Court of Appeals of Virginia. Argued at Salem, Virginia
Jan 24, 1995
Record No. 0051-93-3 (Va. Ct. App. Jan. 24, 1995)

Opinion

Record No. 0051-93-3

Decided: January 24, 1995

FROM THE CIRCUIT COURT OF PULASKI COUNTY, A. Dow Owens, Judge

Victoria Huber Robison, Assistant Public Defender (Office of the Public Defender, on brief), for appellant.

(Linwood T. Wells, Jr., Assistant Attorney General, on brief), for appellee.

Present: Chief Judge Moon, Judges Barrow and Coleman


MEMORANDUM OPINION

Pursuant to Code Sec. 17-116.010 this opinion is not designated for publication.


Rodell Cruise was convicted under Sec. 46.2-357 of the Code of Virginia for operating a motor vehicle after having been adjudicated an habitual offender. On appeal he argues: (1) that the trial court should have granted his motion to quash the indictment on the ground that his adjudication as an habitual offender was void because he was not appointed a guardian ad litem or, alternatively, represented by counsel at the time he was declared an habitual offender; and (2) that it was reversible error, during the jury's deliberation of guilt or innocence, to allow the jury to have an exhibit showing a portion of his driver's record, despite a cautionary instruction given by the trial court. We disagree and accordingly affirm the trial court's decision.

I.

The first issue raised by appellant is controlled by our decision in Pigg v. Commonwealth, ___ Va. App. ___, 441 S.E.2d 216 (1994) (en banc), a case presenting nearly the same facts and evidence as this case, in which we held that an alcoholic's adjudication of being an habitual offender is voidable, not void, if he is not appointed a guardian ad litem or is not represented by counsel at the proceeding. In order to avoid his adjudication, he must show that his disability, alcoholism, rendered him incapable of defending his interests. Pigg, ___ Va. App. at ___, 441 S.E.2d at 220-21.

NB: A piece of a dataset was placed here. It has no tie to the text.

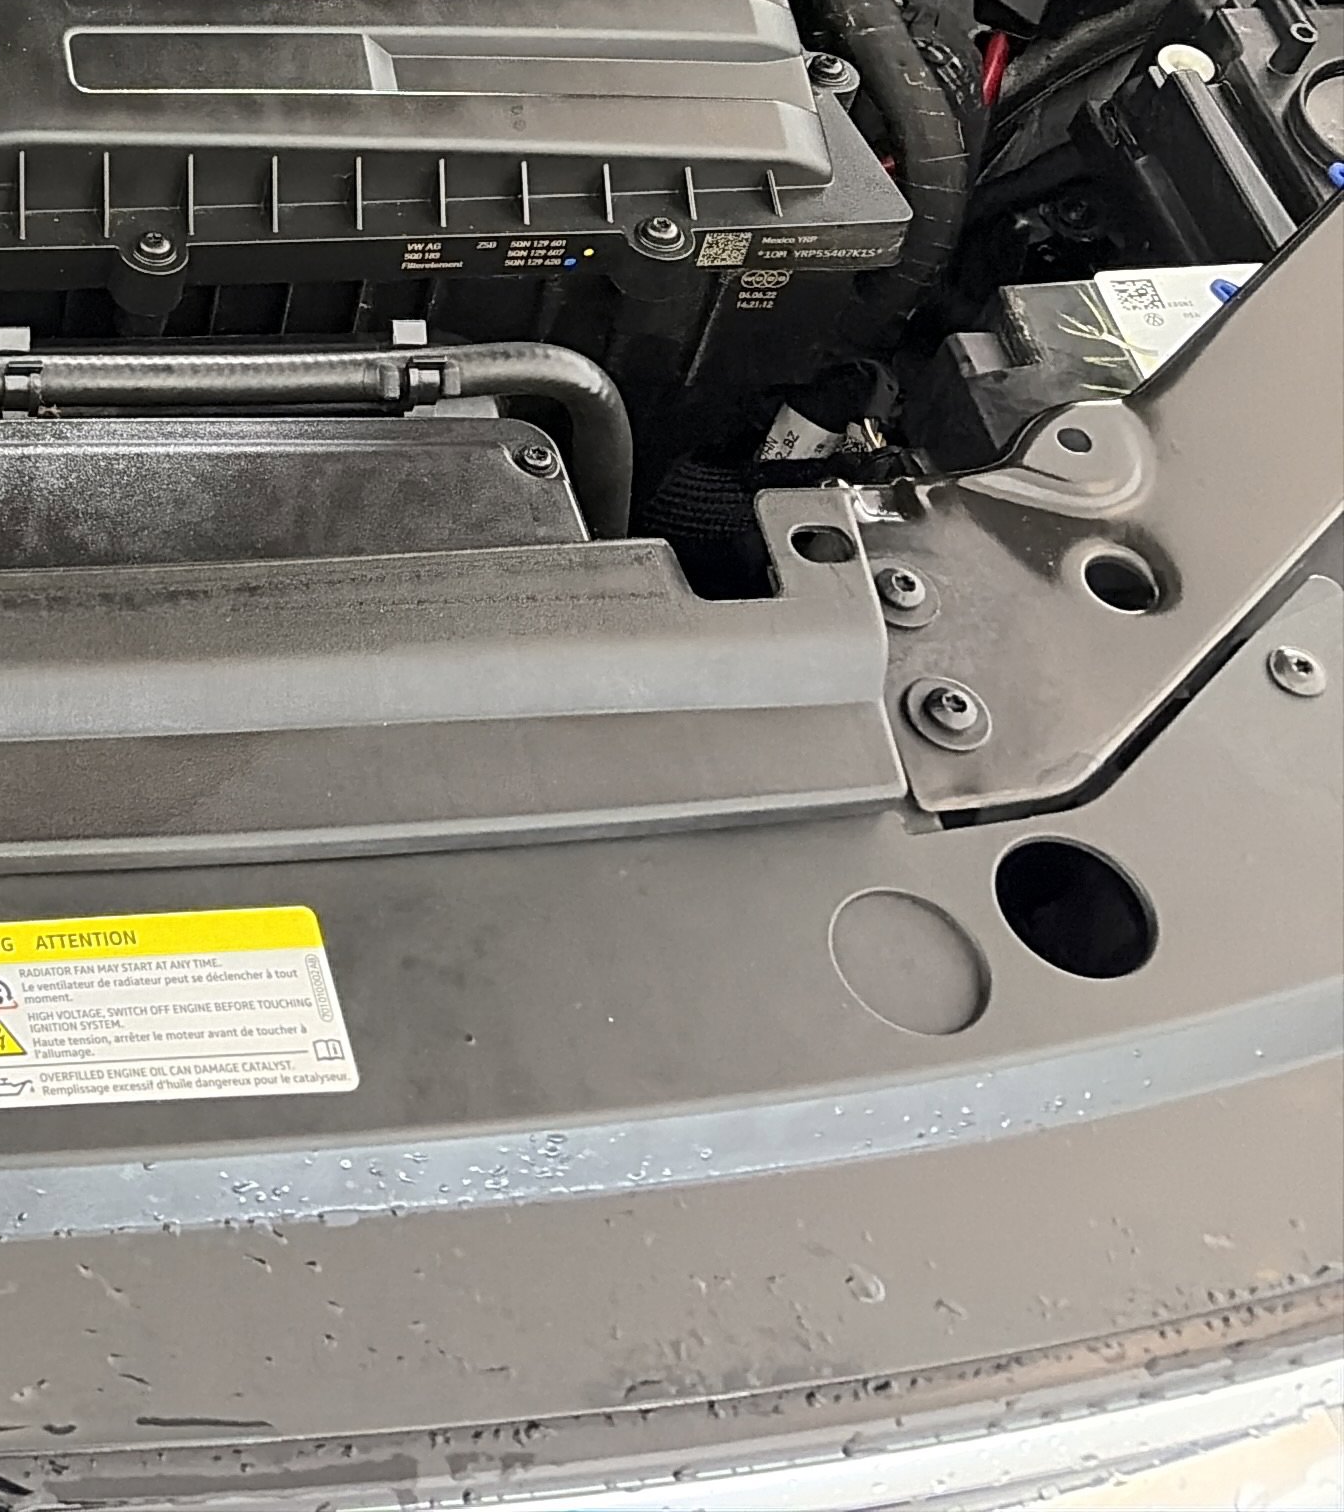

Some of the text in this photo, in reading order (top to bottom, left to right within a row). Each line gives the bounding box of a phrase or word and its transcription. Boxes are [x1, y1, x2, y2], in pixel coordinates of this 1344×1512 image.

At trial in this case, appellant offered testimony that he was a chronic alcoholic at the time of his habitual offender adjudication, arguing that the adjudication was invalid because he had not had a guardian ad litem or an attorney in the earlier habitual offender proceeding. Appellant, his doctor, and several family members testified that he had received periodic treatment for his substance abuse and that he likely was a chronic alcoholic. Appellant testified that he was present at the habitual offender adjudication and that he remembered the proceedings. No evidence was presented to show that the appellant had not comprehended everything the judge said to him or that he did not understand what would happen if he drove an automobile after that adjudication. He offered no evidence at any time during the proceeding-from the time he was served with notice of the hearing until entry of the order declaring him an habitual offender-that he was incapable of understanding the nature of the proceedings or of defending his interest.

Moreover, the evidence showed that appellant not only remembered being in court on the date he was adjudicated as an habitual offender, but remembered that he was not drinking because he knew better than to do so when going to court. This admitted rational decision by appellant at the time of his adjudication was evidence from which the trial judge could have inferred that appellant was rational enough at the time of his adjudication to understand and participate in the proceedings and to defend his interests.

Therefore, the trial judge did not err in finding that the adjudication should not be voided.

II.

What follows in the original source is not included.